Science

This paper tests how chromospheric heating, acoustic flux, and turbulence affect first ionisation potential bias in ponderomotive-force models. Using HYDRAD simulations coupled to FIPpy, it shows that dynamic chromospheres can still reproduce fractionation, while stronger turbulence suppresses it and low acoustic flux can change the predicted ordering of elemental enhancement.

Figure

This figure shows one heated-loop simulation at t = 700 s, including temperature, density, velocity, ponderomotive acceleration, ionisation fractions, and the resulting FIP bias pattern. It summarizes how the altered chromospheric structure changes the fractionation behaviour of low-, intermediate-, and high-FIP elements.

Science

This paper uses a Hinode/EIS catalogue of 1449 flares from 2011 to 2024 to measure how EUV non-thermal velocities evolve before flare onset. It finds that line broadening typically increases several minutes before GOES soft X-ray start, with onset timing varying with flare class and earlier precursor signatures in M-class events.

Figure

These two panels were used in the AAS Nova feature on the paper. The first shows a representative increase in non-thermal velocity before an M-class flare peak, while the second contrasts precursor timing in flares without CMEs and with CMEs, illustrating the earlier and broader precursor signatures associated with eruptive events.

Science

This paper follows the spatial and temporal evolution of FIP bias in the 2017 September 10 X8.2 flare using 12 Hinode/EIS rasters and two composition diagnostics. It finds persistent high-FIP-bias plasma at loop tops and near-photospheric plasma at footpoints, consistent with mixing between high-FIP-bias downflows from the plasma sheet and low-FIP-bias chromospheric evaporation.

Figure

This illustration summarizes the interpretation proposed in the paper. During the impulsive phase, heating reaches the chromosphere below the fractionation layer; low-FIP-bias chromospheric plasma then evaporates upward into the lower loop, while high-FIP-bias plasma from reconnection downflows remains near the loop top. The right-hand sketch also highlights how loop-top and footpoint X-ray sources sample these different composition regimes.

Science

This paper examines why Sun-as-a-star coronal composition and F10.7 remain correlated but become nonlinear at higher activity.

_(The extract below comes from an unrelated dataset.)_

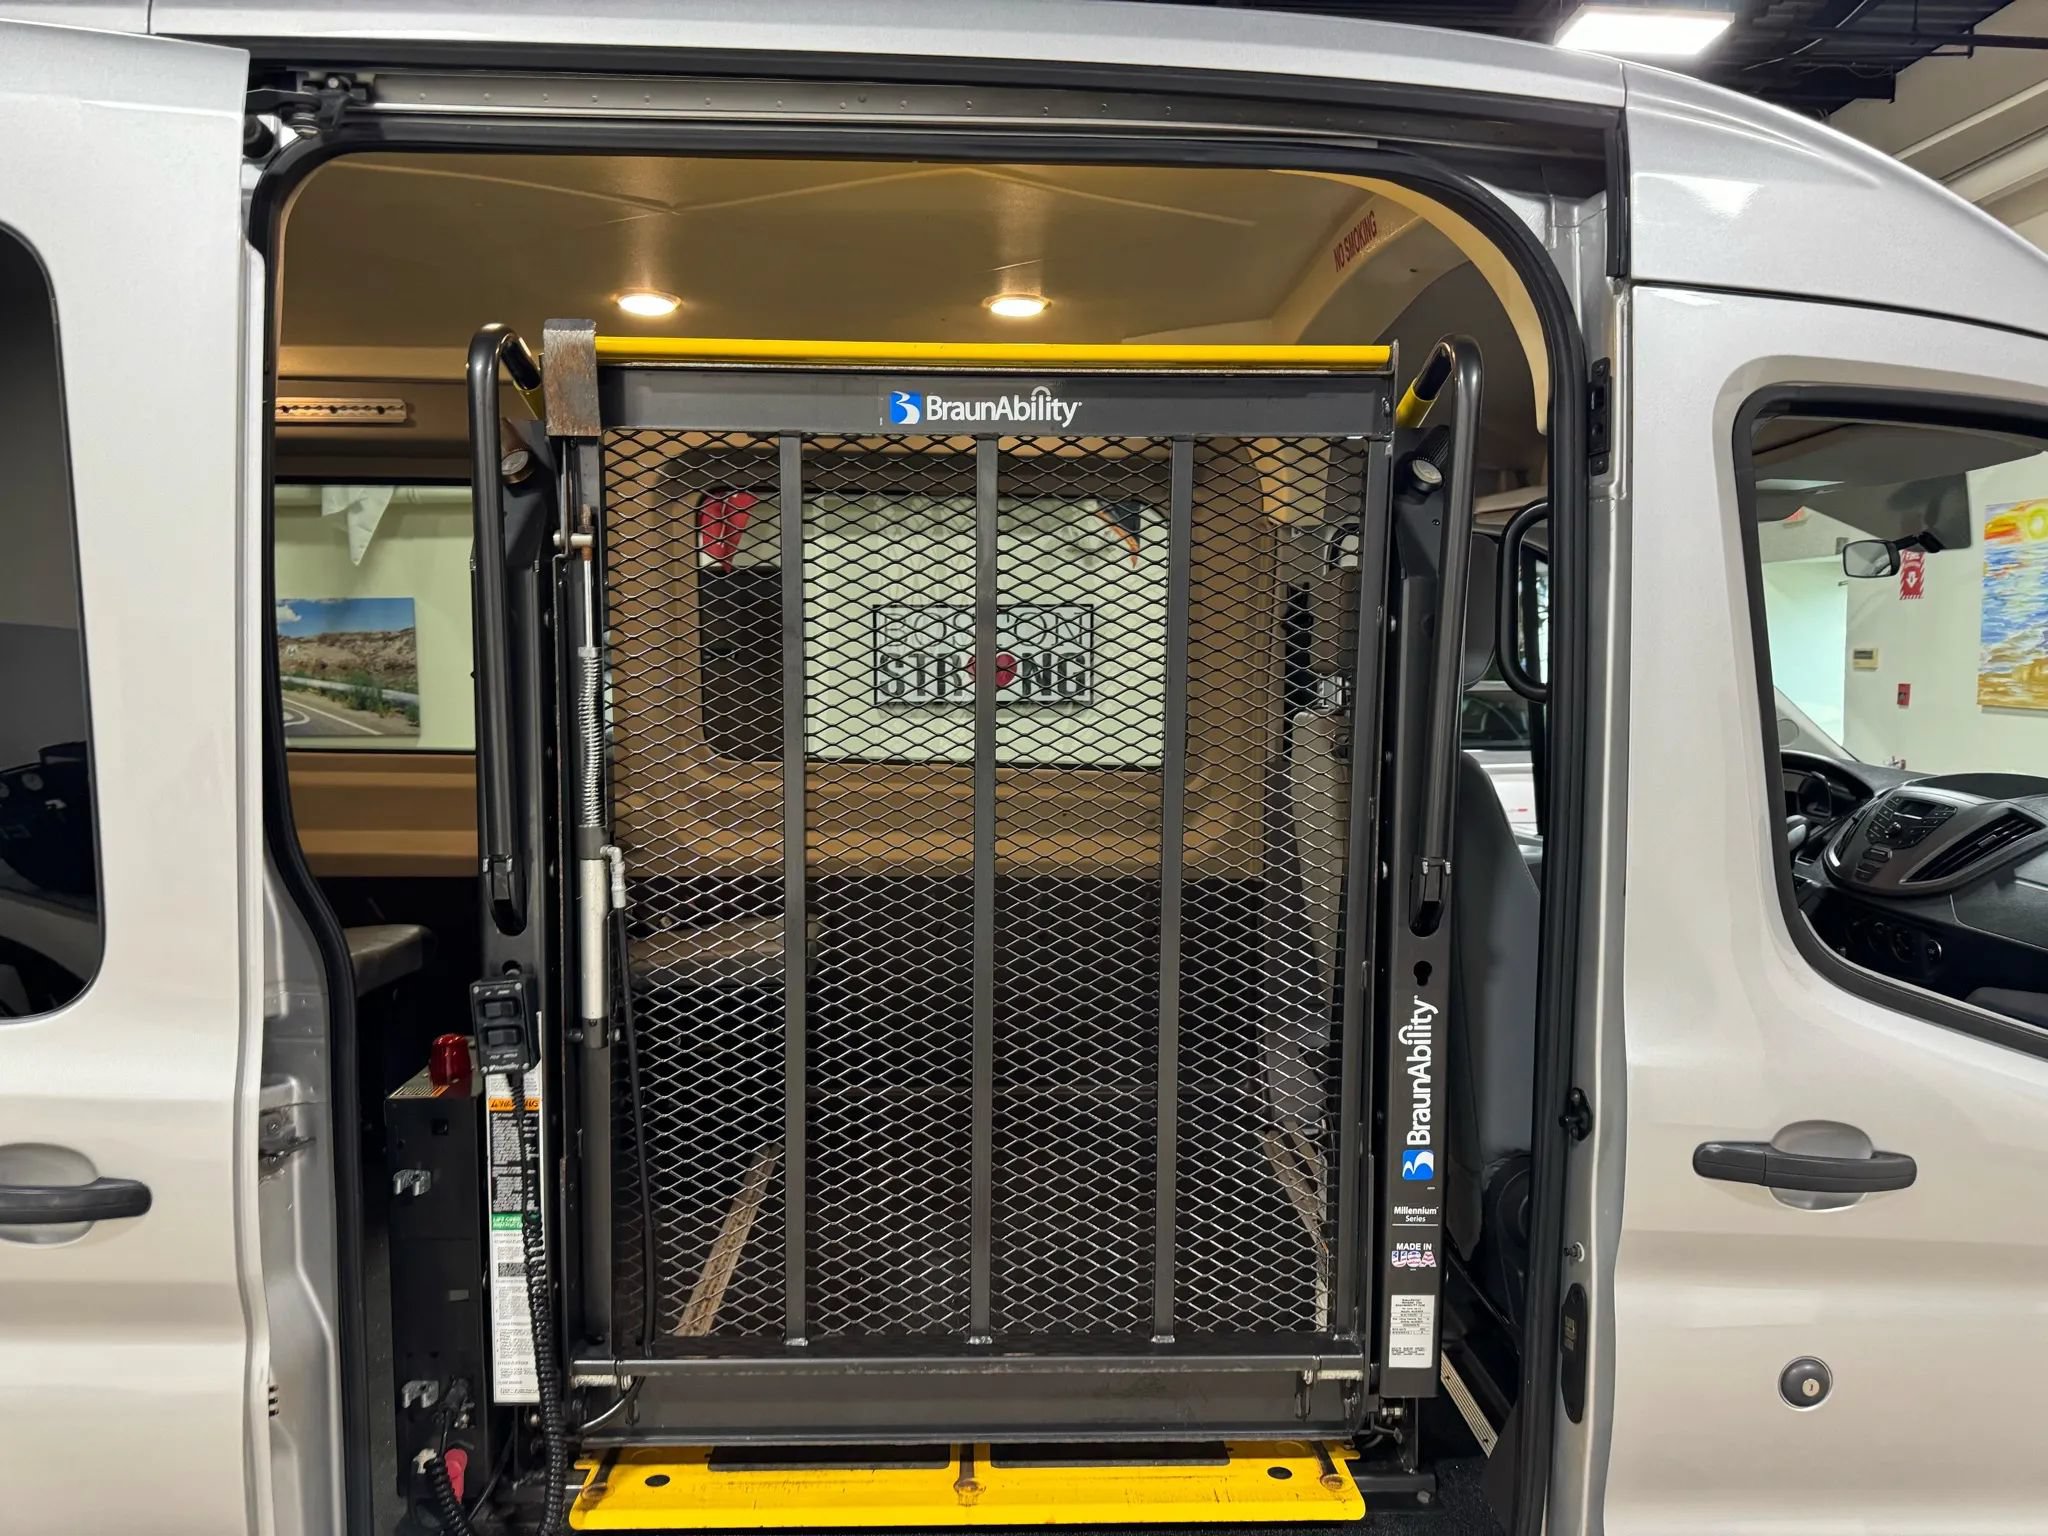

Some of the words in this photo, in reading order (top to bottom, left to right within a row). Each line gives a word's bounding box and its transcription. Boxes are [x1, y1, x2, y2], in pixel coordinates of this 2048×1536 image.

Using joint JVLA, Hinode/EIS, and SDO observations of AR 12759, it shows that strong sunspot magnetic fields and gyroresonance emission change the local relationship between radio flux and coronal abundances.

Figure

This figure lays out the multiwavelength view of the active region on the two observing days: AIA, HMI, Si/S composition, and Stokes I and V radio maps. It also defines the regions used in the paper to compare FIP bias with the different radio emission components.

Science

This paper studies how plasma composition changes during a small solar flare using Hinode/EIS. It finds a clear flare-time increase in the Ca/Ar diagnostic, while the Si/S diagnostic remains comparatively unchanged, pointing to dynamic fractionation or differential line-response effects during the event.

Figure

This figure compares composition and intensity-ratio maps from three EIS rasters through the flare. It shows how the composition signal evolves across the flaring region and how the X-shaped structure becomes clearer in the later raster.